NVIDIA Nemotron Speech Streaming ASR on Apple Silicon via MLX

These details have not been verified by PyPI

Project links

Project description

nemotron-asr-mlx

NVIDIA Nemotron ASR on Apple Silicon. 94x realtime. Pure MLX.

93 minutes of audio transcribed in 59 seconds on an M-series Mac. No GPU drivers, no CUDA, no Docker. Just pip install and go.

This is a native MLX port of NVIDIA's Nemotron-ASR 0.6B — the cache-aware streaming conformer that processes each audio frame exactly once. No sliding windows, no recomputation, no rewinding. State lives in fixed-size ring buffers so latency stays flat no matter how long you talk.

pip install nemotron-asr-mlx

from nemotron_asr_mlx import from_pretrained

model = from_pretrained("dboris/nemotron-asr-mlx")
result = model.transcribe("meeting.wav")
print(result.text)

That's it. Model downloads on first run (~1.2 GB).

Benchmark

Tested on Apple Silicon. All times are wall-clock inference only (no I/O).

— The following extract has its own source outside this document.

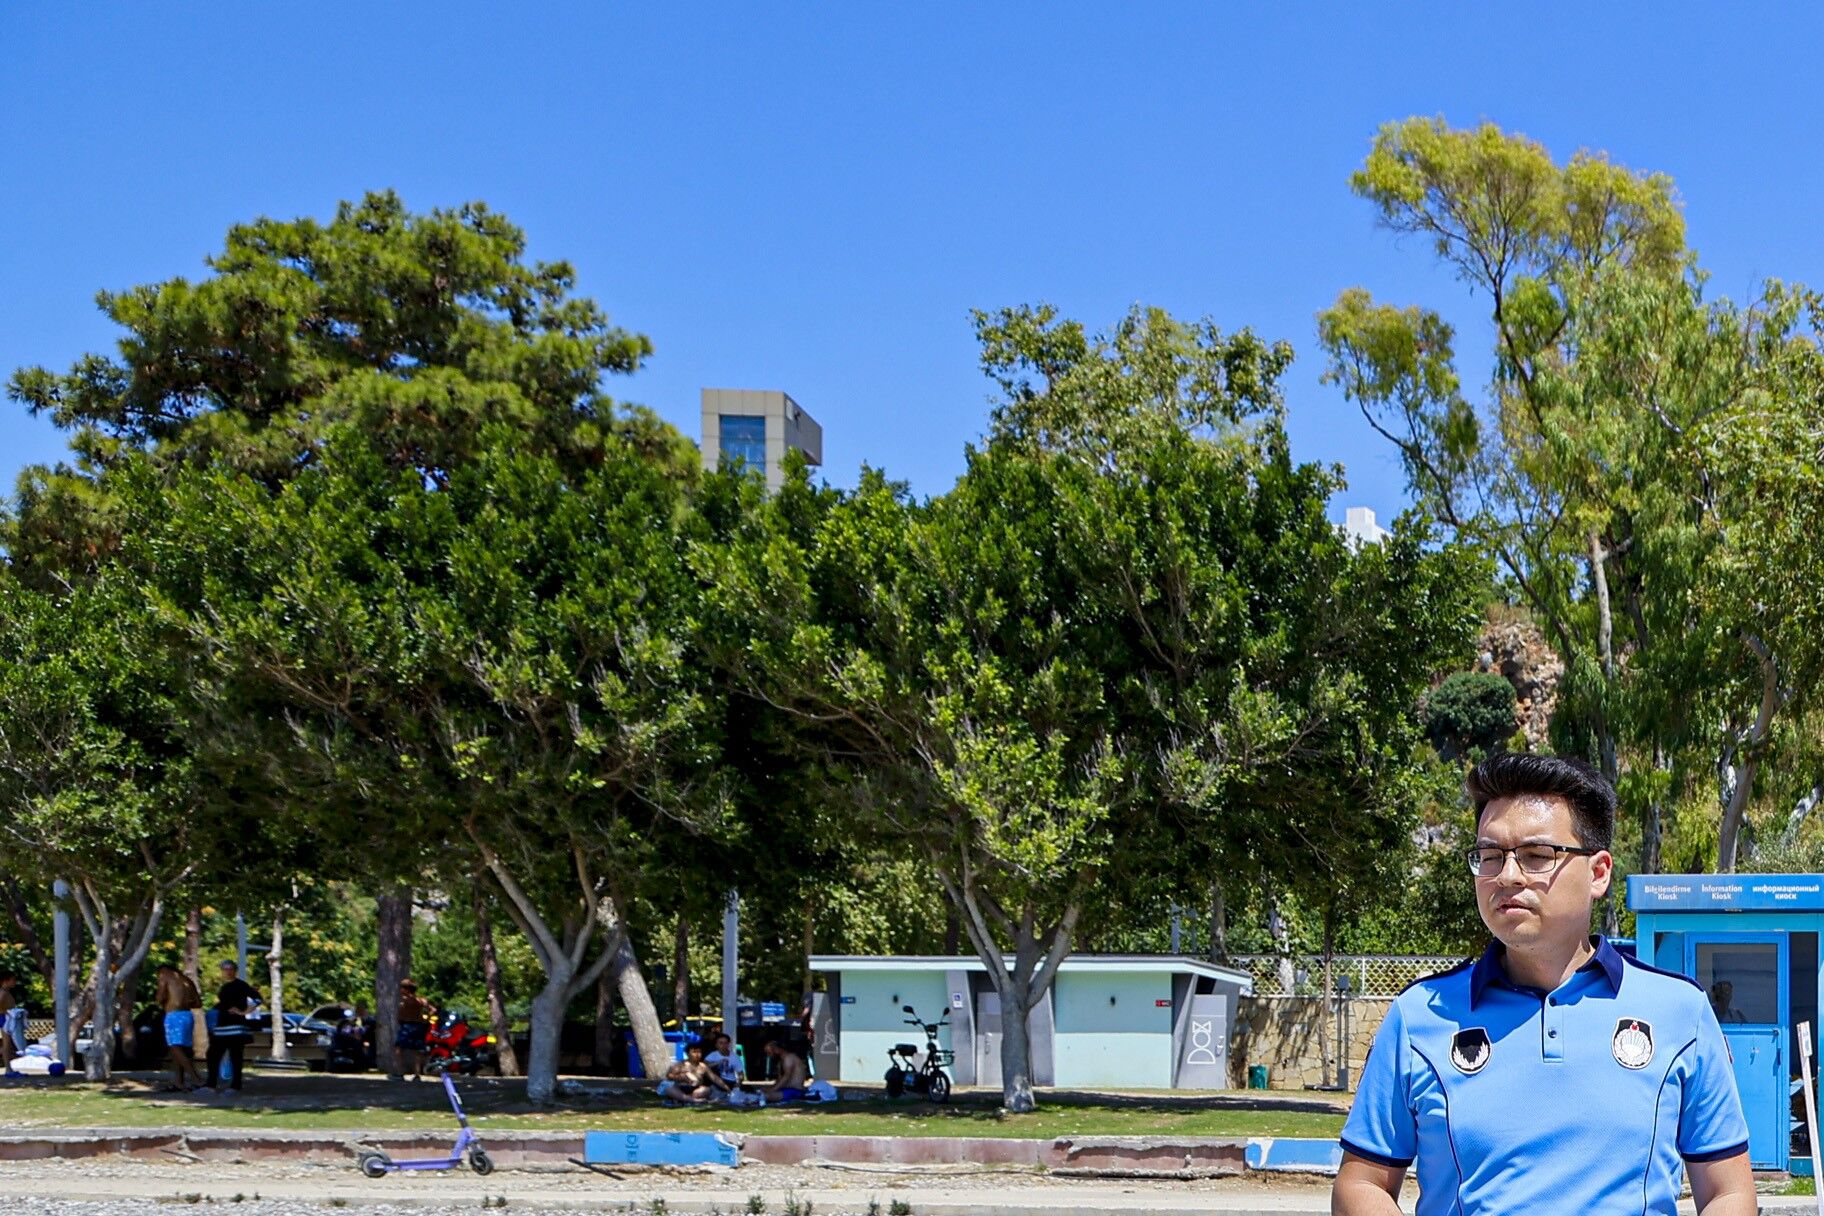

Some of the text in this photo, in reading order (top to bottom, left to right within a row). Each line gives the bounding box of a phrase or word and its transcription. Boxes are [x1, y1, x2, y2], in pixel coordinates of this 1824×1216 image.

[1644, 885, 1691, 894] Bilgilendirme
[1752, 884, 1820, 894] информационный
[1711, 892, 1732, 900] Kiosk

Content	Duration	Inference	Speed	Tokens
Short conversation	5s	0.09s	55x RT	35
Technical explainer	98s	1.04s	95x RT	474
Audiobook excerpt	9s	0.15s	58x RT	57
Long-form analysis	25.6 min	17.0s	91x RT	10,572
Lecture recording	36.1 min	23.5s	92x RT	14,688
Meeting recording	29.4 min	17.6s	101x RT	7,796
Total	93.0 min	59.3s	94x RT	33,622

618.5M parameters. 3.4 GB peak GPU memory. Model loads in 0.1s after first download.

Run your own:

python benchmark.py /path/to/audio/files

Why this exists

Most "streaming" ASR on Mac is either (a) Whisper with overlapping windows reprocessing the same audio over and over, or (b) cloud APIs adding network latency to every utterance. Nemotron's cache-aware conformer is architecturally different:

Each frame processed once — state carried forward in fixed-size ring buffers, not recomputed
Constant memory — no growing KV caches, no memory spikes on long recordings
Native Metal — no PyTorch, no ONNX, no bridge layers. Direct MLX on Apple GPU
94x realtime — an hour of audio in under a minute

The model achieves 2.43% WER on LibriSpeech test-clean, competitive with much larger models.

Install

pip install nemotron-asr-mlx

Python 3.10+ and an Apple Silicon Mac.

Usage

CLI

nemotron-asr transcribe meeting.wav          # batch transcribe a file
nemotron-asr listen                          # stream from microphone
nemotron-asr listen --chunk-ms 80            # lowest latency streaming

Python API

from nemotron_asr_mlx import from_pretrained

model = from_pretrained("dboris/nemotron-asr-mlx")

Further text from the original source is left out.